- _DATA TO PROCESS_
______

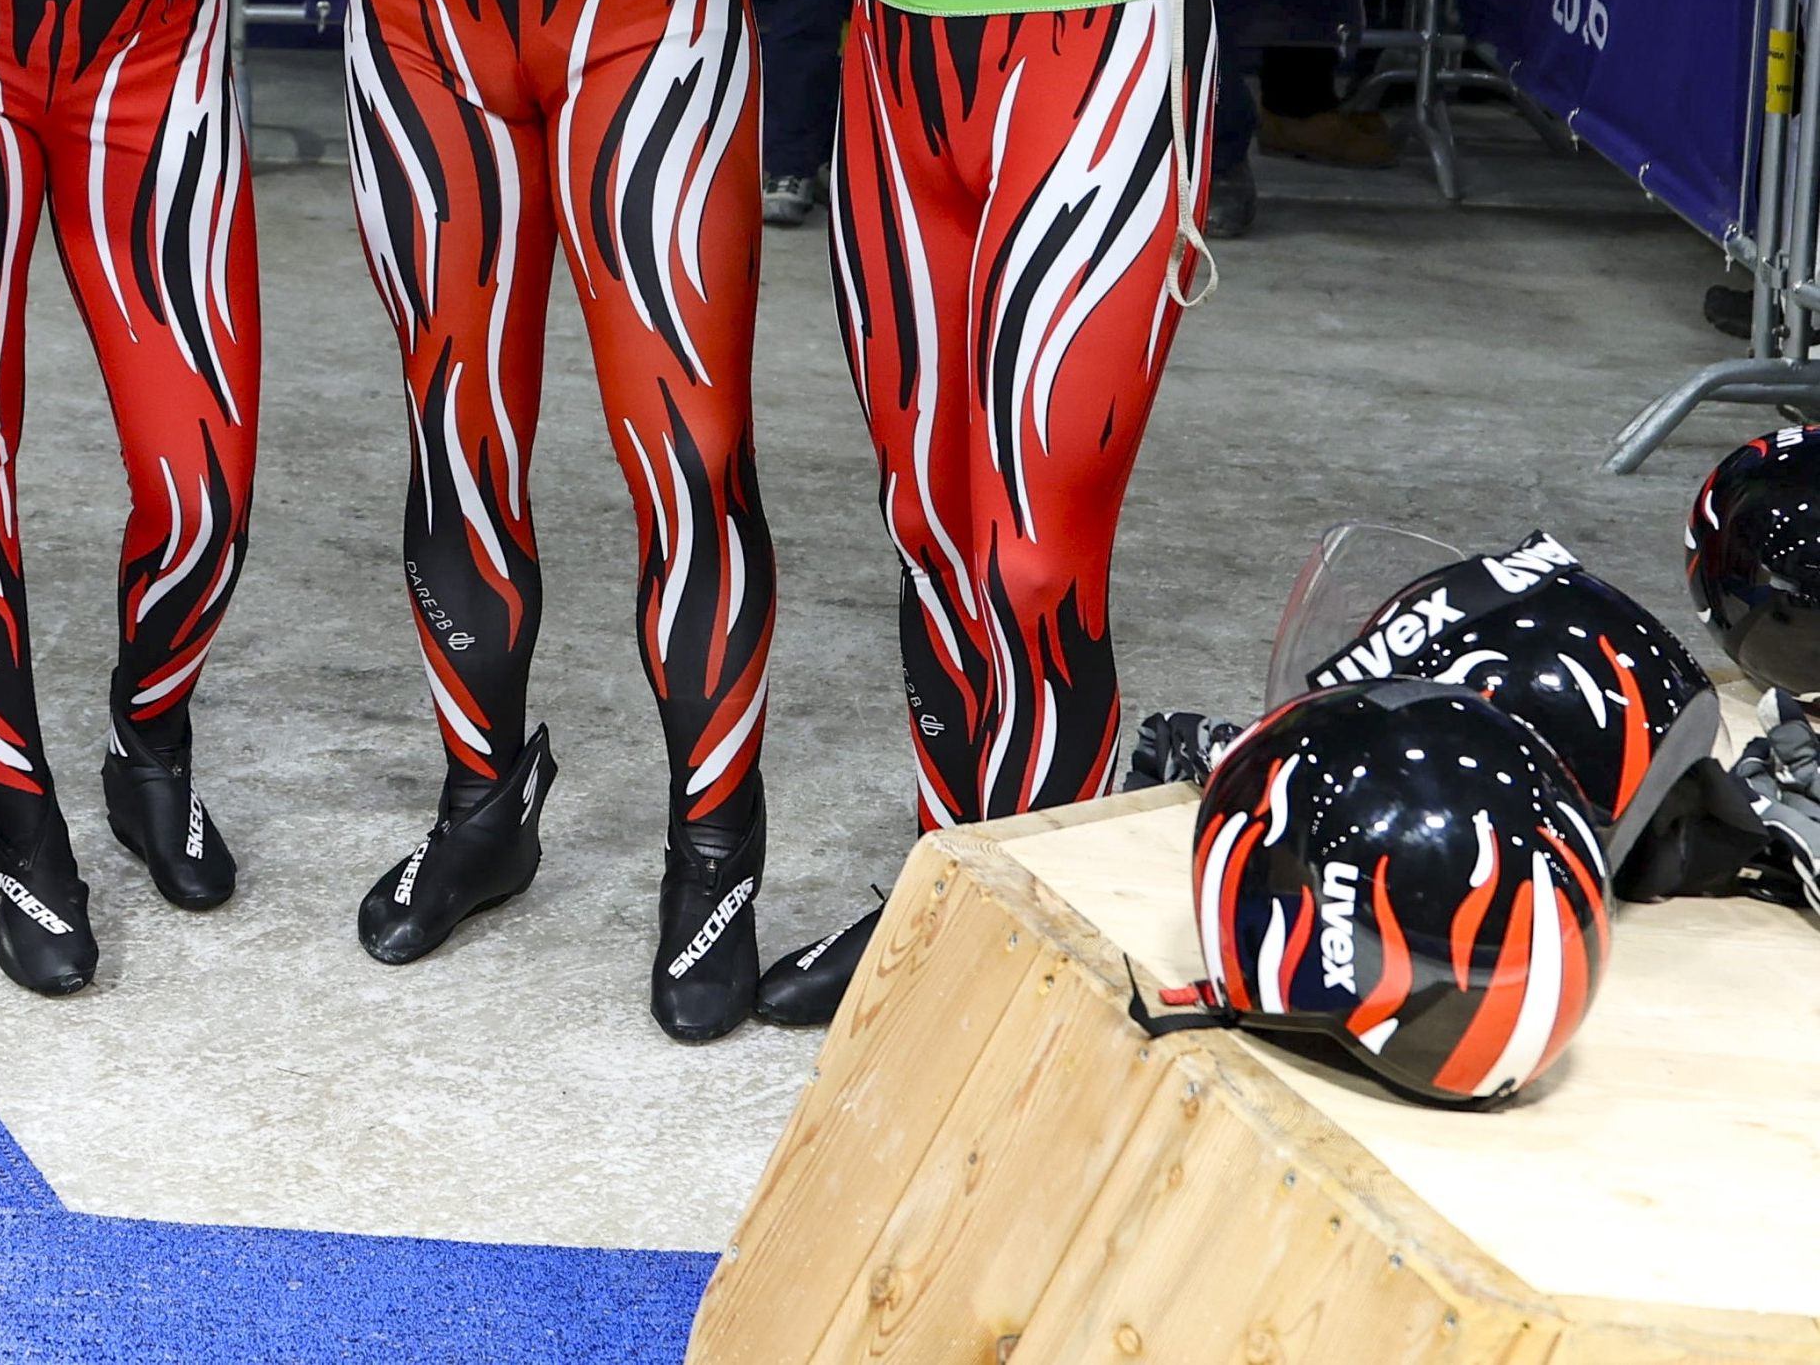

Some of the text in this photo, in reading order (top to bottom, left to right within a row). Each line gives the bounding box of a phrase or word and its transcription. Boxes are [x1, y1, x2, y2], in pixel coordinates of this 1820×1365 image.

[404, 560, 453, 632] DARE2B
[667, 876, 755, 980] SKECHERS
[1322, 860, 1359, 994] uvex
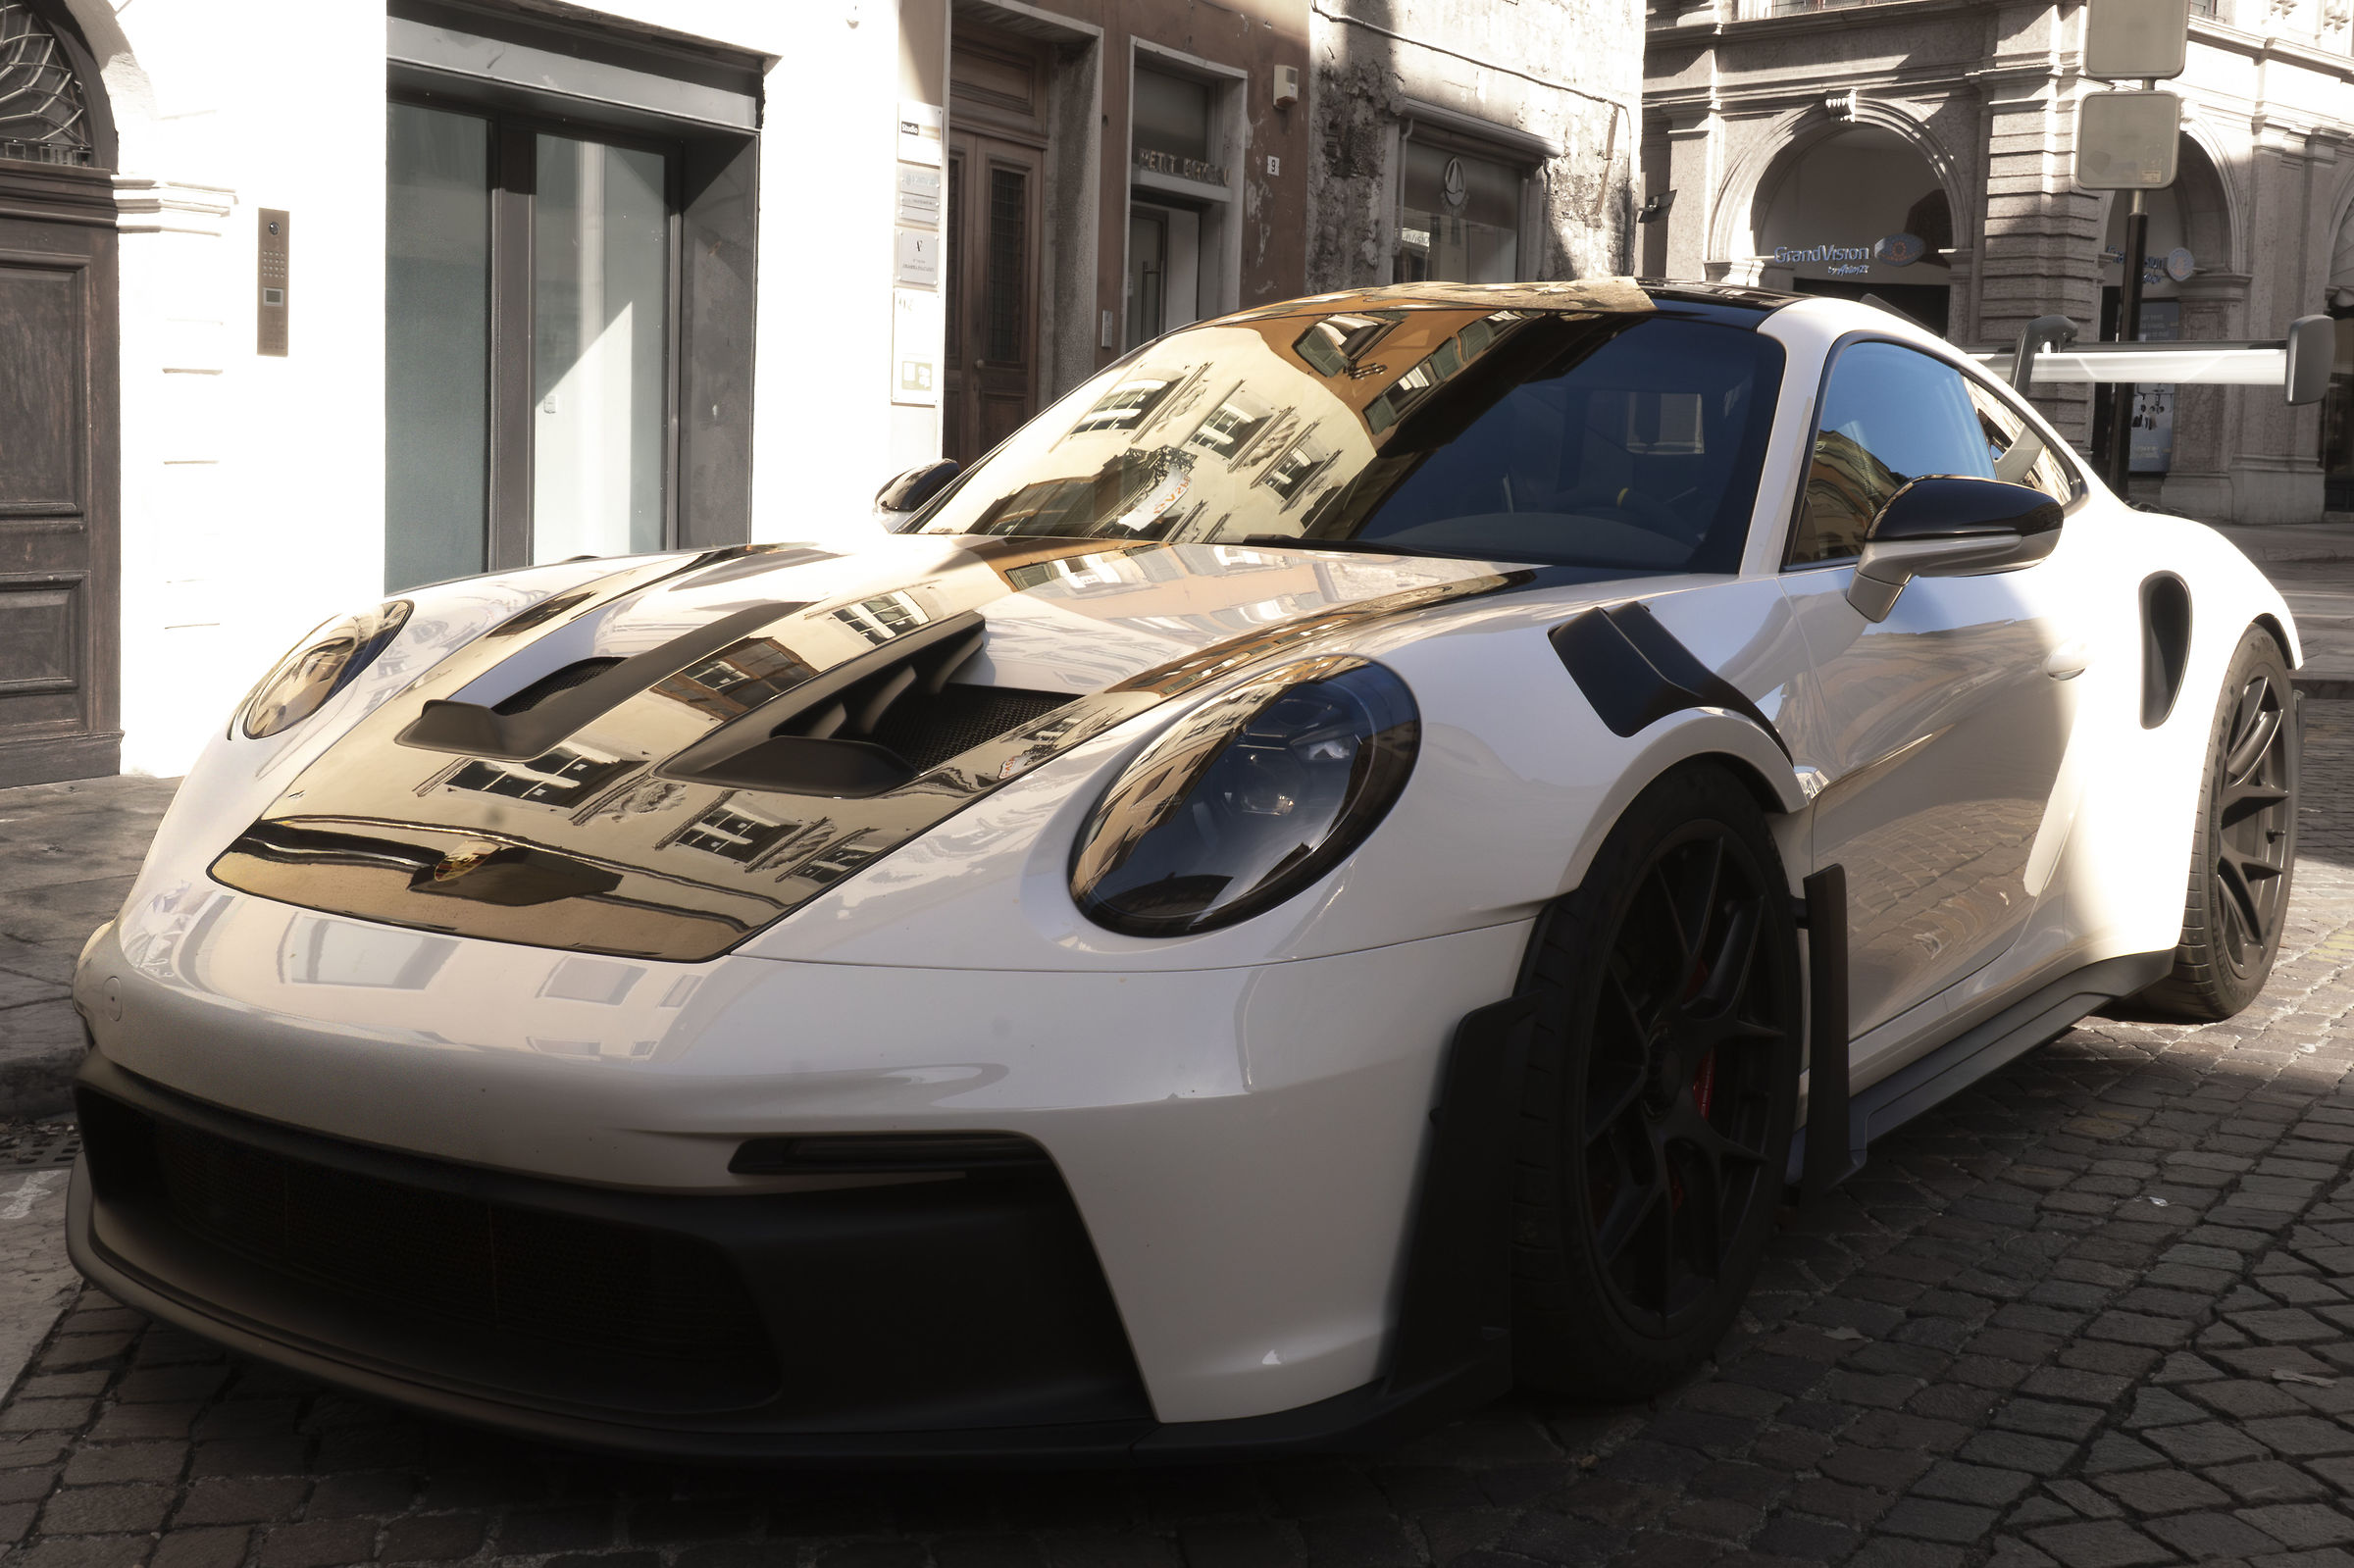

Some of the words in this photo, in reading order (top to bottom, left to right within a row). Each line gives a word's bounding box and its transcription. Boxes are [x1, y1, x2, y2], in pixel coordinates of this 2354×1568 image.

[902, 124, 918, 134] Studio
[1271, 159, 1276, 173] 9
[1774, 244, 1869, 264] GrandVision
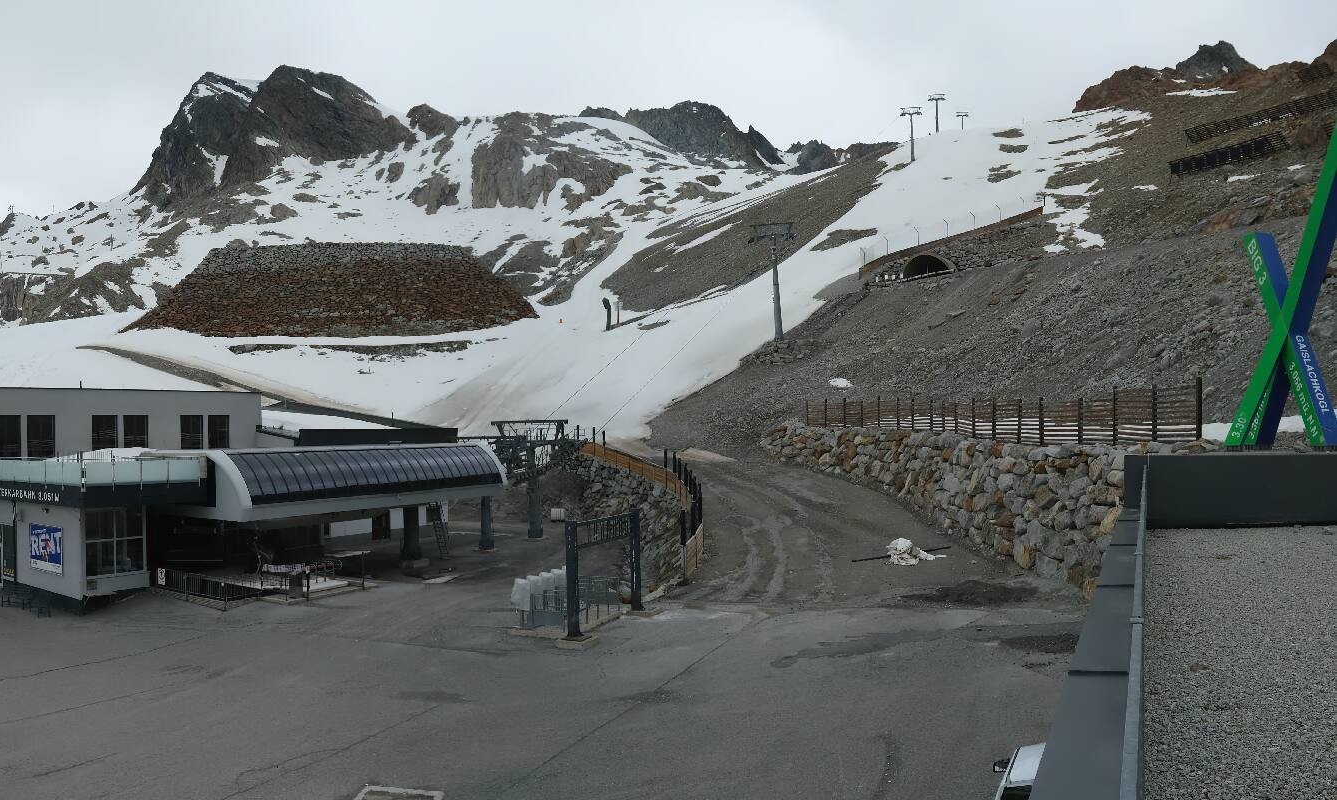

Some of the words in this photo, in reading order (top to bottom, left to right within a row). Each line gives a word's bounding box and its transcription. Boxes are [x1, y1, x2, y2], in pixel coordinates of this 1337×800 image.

______

- _TASK TO COMPLETE_
Beginning with the line that contains "this 2354×1568 image.", reproduce every line through the end of the records above exactly, leaving pictures out.

- _EXPECTED OUTPUT_
Some of the words in this photo, in reading order (top to bottom, left to right within a row). Each line gives a word's bounding box and its transcription. Boxes are [x1, y1, x2, y2], in pixel coordinates of this 2354×1568 image.

[902, 124, 918, 134] Studio
[1271, 159, 1276, 173] 9
[1774, 244, 1869, 264] GrandVision

Some of the words in this photo, in reading order (top to bottom, left to right within a row). Each line gives a word's bounding box and its transcription. Boxes are [x1, y1, x2, y2], in pixel coordinates of this 1337×800 image.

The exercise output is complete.